◆ **WORK REQUEST**: The entries below are to be copied exactly, with every picture left out.

START RECORDED DATA

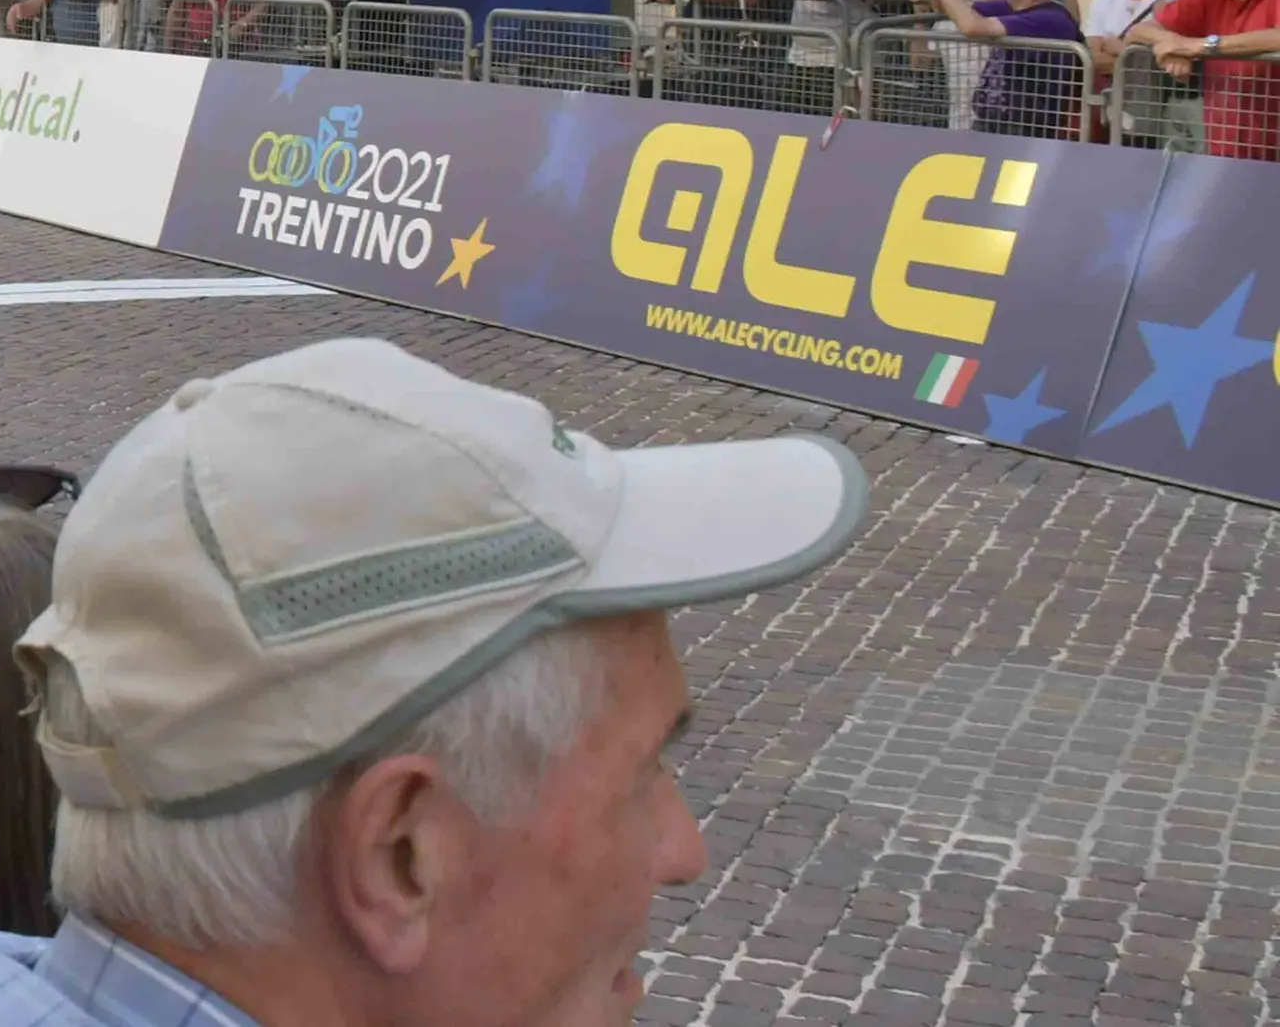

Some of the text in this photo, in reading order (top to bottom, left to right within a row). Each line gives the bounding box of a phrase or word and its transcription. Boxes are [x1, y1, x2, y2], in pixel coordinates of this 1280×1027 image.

[356, 143, 451, 214] 2021
[236, 186, 433, 272] TRENTINO
[645, 303, 904, 379] WWW.ALECYCLING.COM
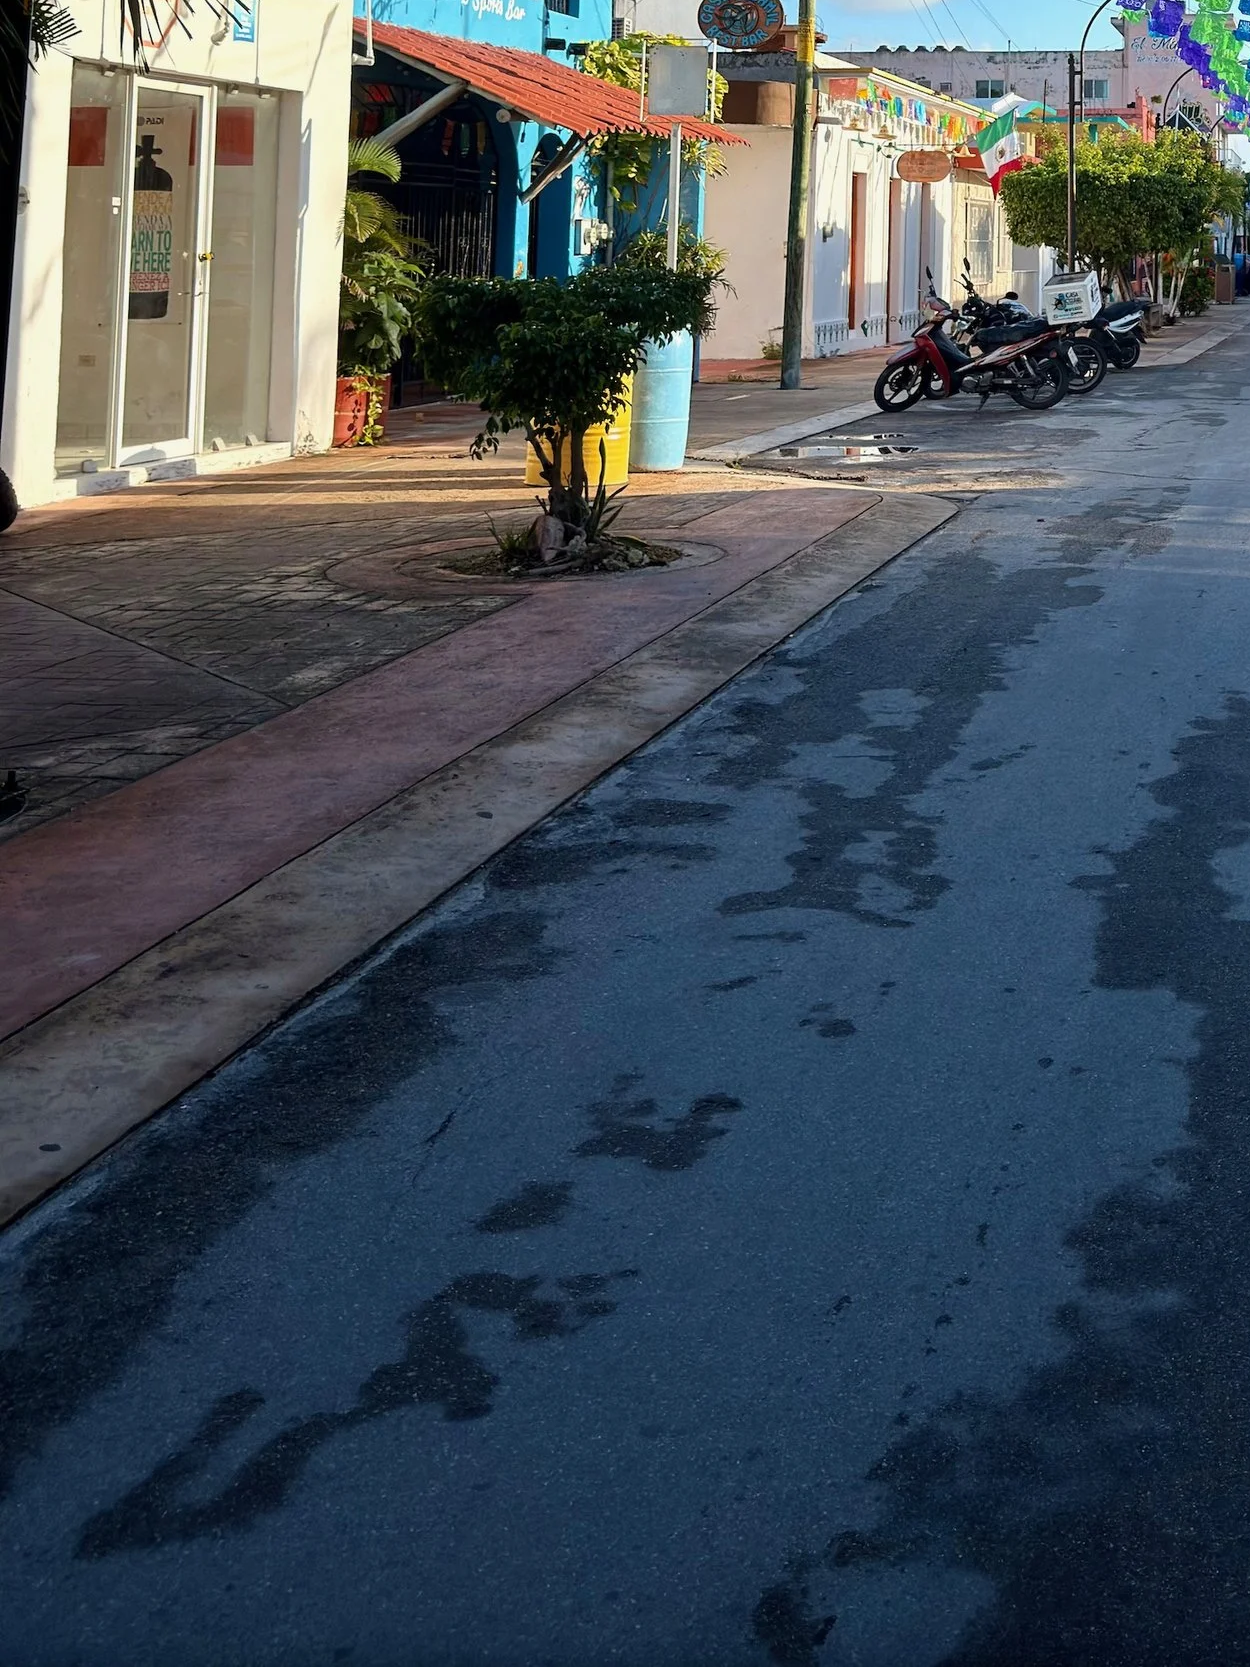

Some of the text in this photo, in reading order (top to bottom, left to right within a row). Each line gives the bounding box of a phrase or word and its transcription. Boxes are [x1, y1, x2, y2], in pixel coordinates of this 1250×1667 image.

[706, 24, 769, 47] REST BAR
[157, 231, 171, 251] TO
[143, 253, 171, 272] HERE
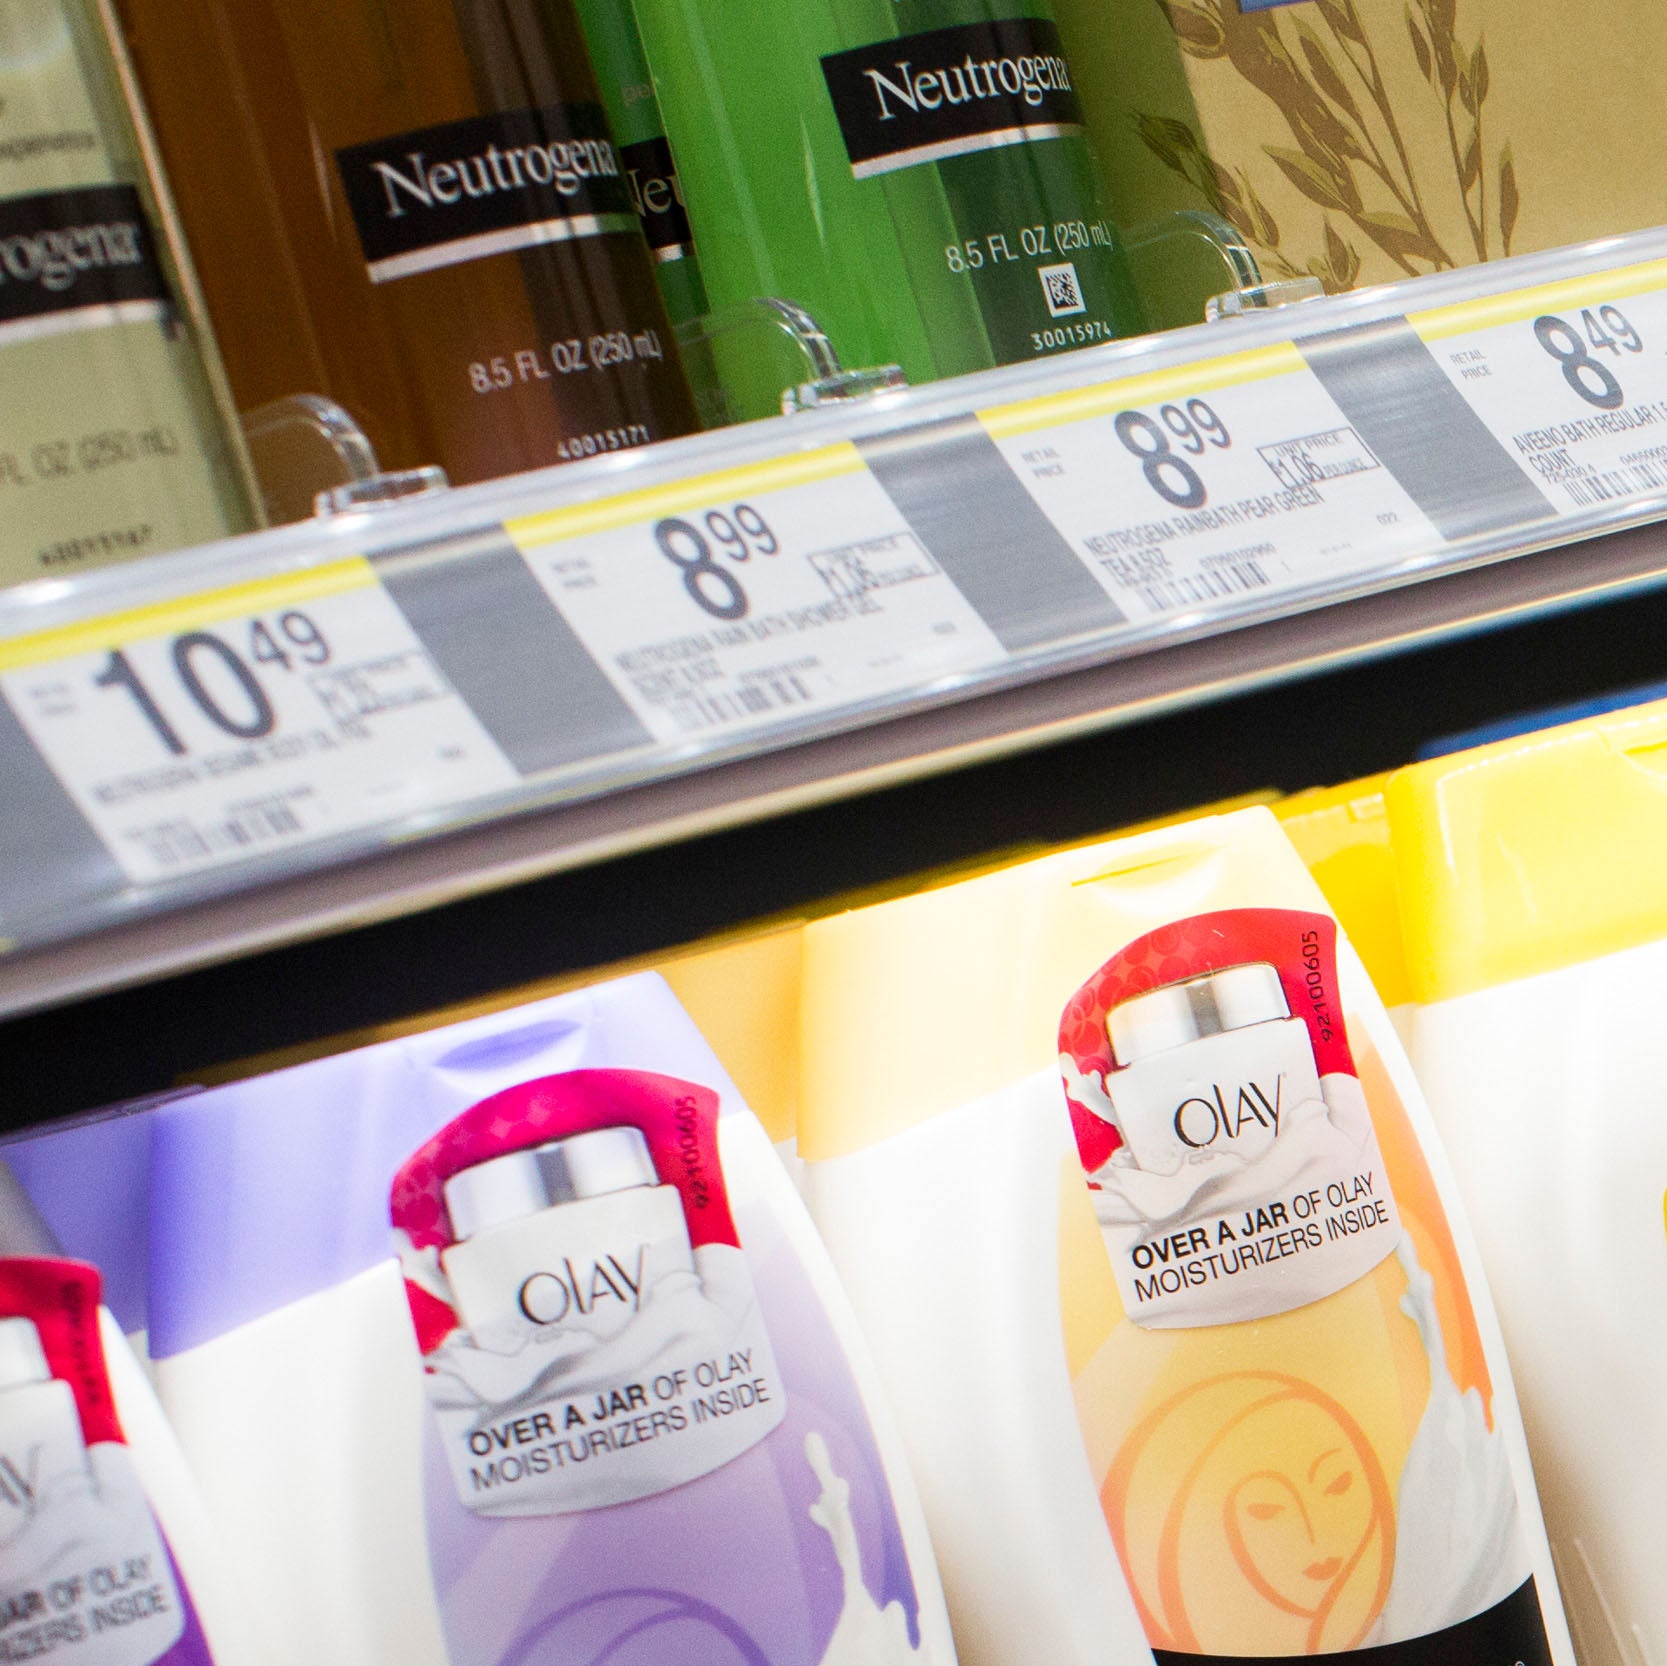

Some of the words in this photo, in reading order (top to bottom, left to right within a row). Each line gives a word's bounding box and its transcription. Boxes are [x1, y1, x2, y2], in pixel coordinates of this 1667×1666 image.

[865, 46, 1070, 121] Neutrogena
[370, 137, 619, 217] Neutrogena
[1031, 320, 1112, 351] 30015974
[1512, 426, 1566, 455] AVEENO
[1566, 418, 1597, 443] BATH
[1597, 404, 1653, 436] REGULAR
[1083, 522, 1177, 557] NEUTROGENA
[1240, 495, 1275, 520] PEAR
[1276, 485, 1325, 511] GREEN
[1131, 1230, 1210, 1269] OVER
[1218, 1221, 1236, 1246] A
[1241, 1202, 1290, 1238] JAR
[1292, 1191, 1322, 1218] OF
[1327, 1171, 1375, 1204] OLAY
[1134, 1223, 1323, 1303] MOISTURIZERS
[1327, 1199, 1391, 1241] INSIDE
[469, 1413, 554, 1456] OVER
[564, 1405, 585, 1429] A
[593, 1384, 648, 1420] JAR
[653, 1372, 687, 1400] OF
[694, 1349, 755, 1388] OLAY
[470, 1405, 687, 1491] MOISTURIZERS
[696, 1379, 771, 1423] INSIDE

END RECORDED DATA

◆ **WRITTEN RESPONSE**:
Some of the text in this photo, in reading order (top to bottom, left to right within a row). Each line gives the bounding box of a phrase or word and its transcription. Boxes are [x1, y1, x2, y2], in pixel coordinates of this 1280×1027 image.

[356, 143, 451, 214] 2021
[236, 186, 433, 272] TRENTINO
[645, 303, 904, 379] WWW.ALECYCLING.COM

Some of the text in this photo, in reading order (top to bottom, left to right within a row). Each line gives the bounding box of a phrase or word and its transcription. Boxes are [x1, y1, x2, y2], in pixel coordinates of this 1250×1667 image.

[706, 24, 769, 47] REST BAR
[157, 231, 171, 251] TO
[143, 253, 171, 272] HERE

Some of the words in this photo, in reading order (top to bottom, left to right within a row). Each line gives a word's bounding box and its transcription. Boxes are [x1, y1, x2, y2], in pixel coordinates of this 1667×1666 image.

[865, 46, 1070, 121] Neutrogena
[370, 137, 619, 217] Neutrogena
[1031, 320, 1112, 351] 30015974
[1512, 426, 1566, 455] AVEENO
[1566, 418, 1597, 443] BATH
[1597, 404, 1653, 436] REGULAR
[1083, 522, 1177, 557] NEUTROGENA
[1240, 495, 1275, 520] PEAR
[1276, 485, 1325, 511] GREEN
[1131, 1230, 1210, 1269] OVER
[1218, 1221, 1236, 1246] A
[1241, 1202, 1290, 1238] JAR
[1292, 1191, 1322, 1218] OF
[1327, 1171, 1375, 1204] OLAY
[1134, 1223, 1323, 1303] MOISTURIZERS
[1327, 1199, 1391, 1241] INSIDE
[469, 1413, 554, 1456] OVER
[564, 1405, 585, 1429] A
[593, 1384, 648, 1420] JAR
[653, 1372, 687, 1400] OF
[694, 1349, 755, 1388] OLAY
[470, 1405, 687, 1491] MOISTURIZERS
[696, 1379, 771, 1423] INSIDE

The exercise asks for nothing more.